X-Files Episode | Season 6 Episode 21 | Field Trip | My favorite episode
This is my all time favorite episode.
This was the only episode where I remembered the whole of it from childhood. So I watched it again after 27 years. Much less scary, but still I can take this episode more seriously, since similar organism actually exist.
I pretend to know what was the basis for this episode.
These organism are interesting, because they are no plants, animals or muschroom. Slime molds are capable of crawling and actively changing their location. Contrary to their name, they are not actually fungi, but rather single-celled macroorganisms similar to amoebas, which are capable of spectacular movement during certain stages of their life cycle.
They actively search for bacteria, fungal spores, and decaying plant matter. When one of their tentacles encounters food, the entire cell mass flows in that direction. If their environment dries out or their food runs out, they crawl to a brighter, drier place to reproduce by forming spores. Although they have neither a brain nor a nervous system, they are able to “remember” where they have been based on the mucus trails they leave behind as they crawl. Using this method, they navigate mazes effectively and can even form optimal transportation networks.
I heard a story that, immediately after the Chernobyl accident, the local slime molds gathered in much larger masses for some reason and formed a larger “body.” One local resident reported that this large mass “climbed onto” one of his sleeping hens and began to devour it. Although it had killed the hen by morning, they didn’t let it “consume” her completely. Instead, they burned the hen’s carcass along with the slime mold.
What might have actually happened? When an animal dies, billions of bacteria and microscopic molds immediately begin to multiply on its carcass. The slime mold seeks out precisely these bacteria and spores. So when the slime mold crawls onto the carcass, it is actually engulfing (via phagocytosis) the microorganisms growing on the surface of the carcass.
I have a photo showing a researcher holding a normal seedling and a Chernobyl seedling side by side. The Chernobyl one is about 10 times larger.
The radiation likely damaged the DNA, preventing the plant cells from dividing. Although cell division had stopped, the existing cells swelled to many times their normal size due to plant hormones (auxins) and water uptake. The seedlings looked the same morphologically, but because of the gigantic cells, the entire plant became bloated and “giant-like.” Almost without exception, these seedlings died within the first few weeks because their distorted cell structure made them unviable.
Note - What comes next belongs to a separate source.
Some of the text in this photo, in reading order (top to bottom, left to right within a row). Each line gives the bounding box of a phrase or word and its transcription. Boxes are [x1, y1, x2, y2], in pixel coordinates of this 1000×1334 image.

In addition, a Hungarian doctor visited the surrounding villages before the evacuation, and the villagers brought him enormous strawberries and mushrooms. The villagers said they had never seen them grow this big before.
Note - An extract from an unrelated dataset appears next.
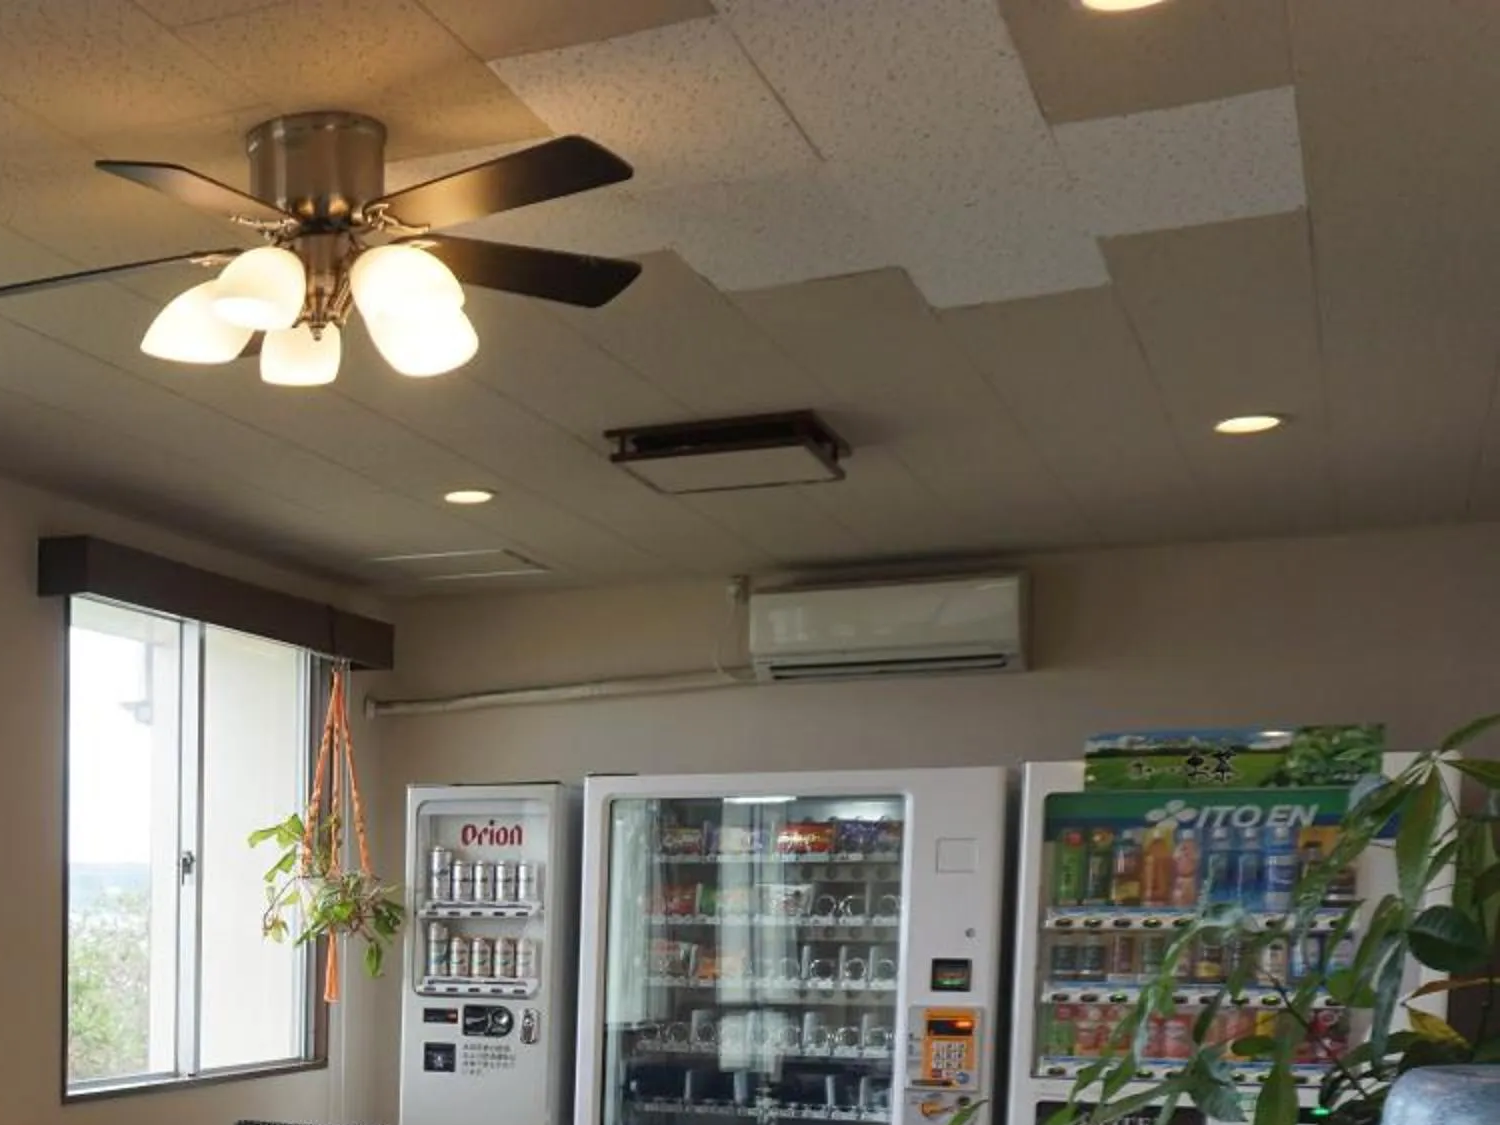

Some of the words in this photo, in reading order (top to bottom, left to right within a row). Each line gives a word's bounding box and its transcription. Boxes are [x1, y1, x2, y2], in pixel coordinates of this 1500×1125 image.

The villagers brought the strawberries as a gift to the doctor, and he was shocked that the locals knew so little about radiation. The villagers also reported seeing mushrooms (such as chanterelles) that were larger than usual; they told their stories with great excitement and refused to believe how much danger they were in. The doctor instructed the villagers to throw away the strawberries and not to pick anything in the forest, not even from their fruit trees if they showed any signs of damage. After a while, the villagers began to feel ill and started visiting the doctor, believing he could cure any ailment they had. The doctor had to treat them with his meager supplies. They didn’t tell him anything either, but he had to fill out the paperwork. In almost every case, he tried to arrange for the patients to be evacuated, specifically to the best hospital in Moscow, based on his recommendation. Over the course of days and weeks, the situation went from strange to catastrophic.
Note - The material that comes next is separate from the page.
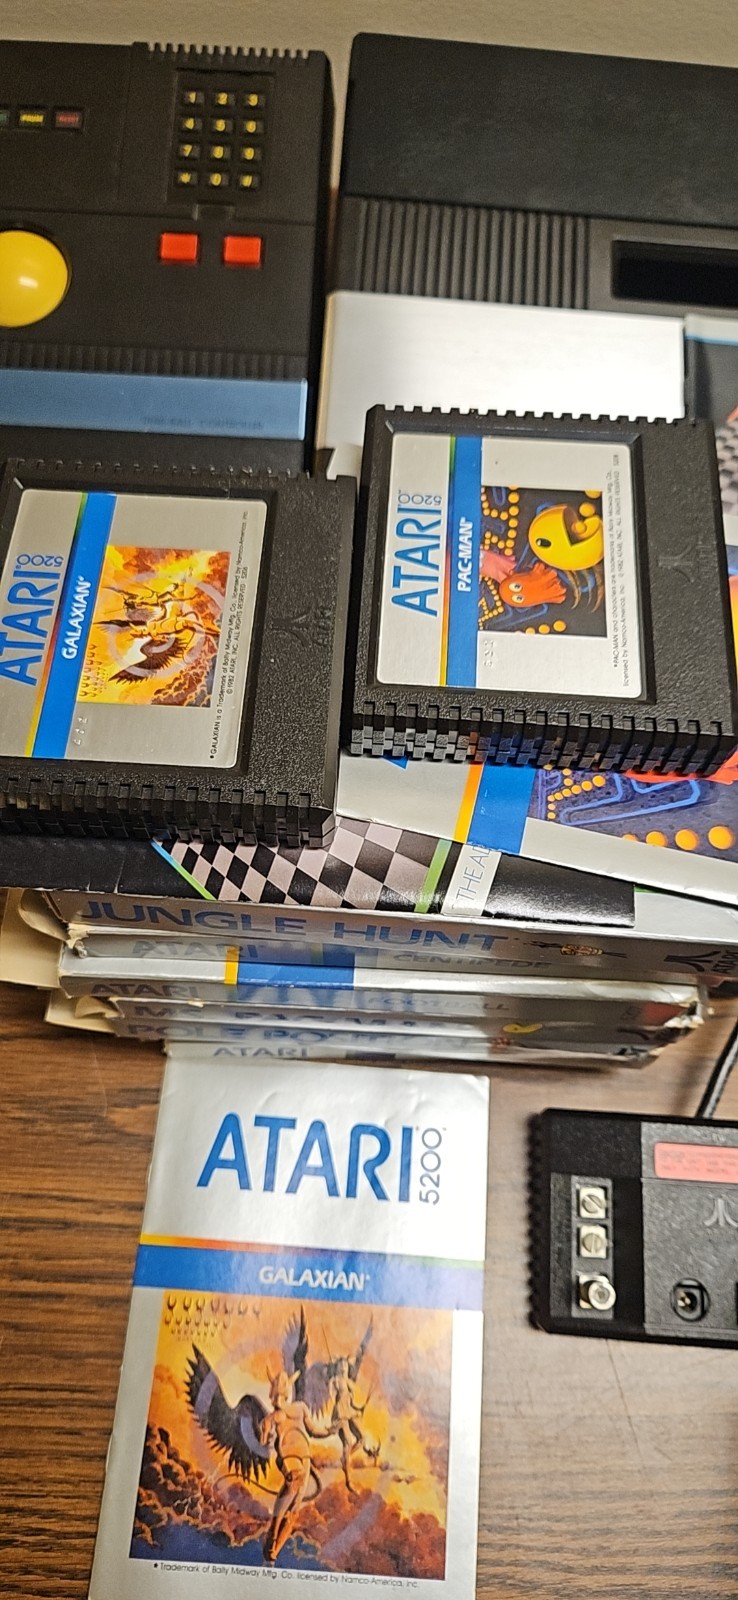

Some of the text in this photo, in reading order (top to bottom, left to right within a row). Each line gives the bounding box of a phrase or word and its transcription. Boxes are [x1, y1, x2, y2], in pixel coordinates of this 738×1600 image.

Probably the plants were exposed to a sudden, but not yet lethal (sublethal), dose of radioactive iodine and cesium, their bodies triggered an emergency response. Under the influence of radiation stress, the plants temporarily pumped incredible amounts of growth hormones and sugars into their crops to ripen the seeds as quickly as possible, in order to ensure the survival of the species before they perished. This sudden “hormone surge” did indeed result in fruits (such as strawberries) that were much larger, juicier, and more spectacular than normal during the first few weeks. The following year, these plants had either died or produced a deformed, meager crop.
Although the active “digestion” of the hen remains biologically impossible for slime molds, the extreme compaction and massive body could have been entirely realistic in the days following the disaster. If the soil is suddenly exposed to intense radiation, microscopic, individual slime mold cells living in the environment release chemical distress signals (cAMP). And as an escape mechanism, hundreds of thousands of cells fuse into a single gigantic, macroscopic mass to collectively attempt to migrate out of the danger zone or to form a single massive protective shell. Thus, immediately after the disaster, locals could indeed see masses of slime in their yards of a size and density never seen under normal circumstances.
But it is still interesting to imagine that somehow such an organism, that is in this episode could actually exist, and hunt for even humans. I had nightmares when I was a kid, and I didn't want to go to forests and caves for a few days after seeing this.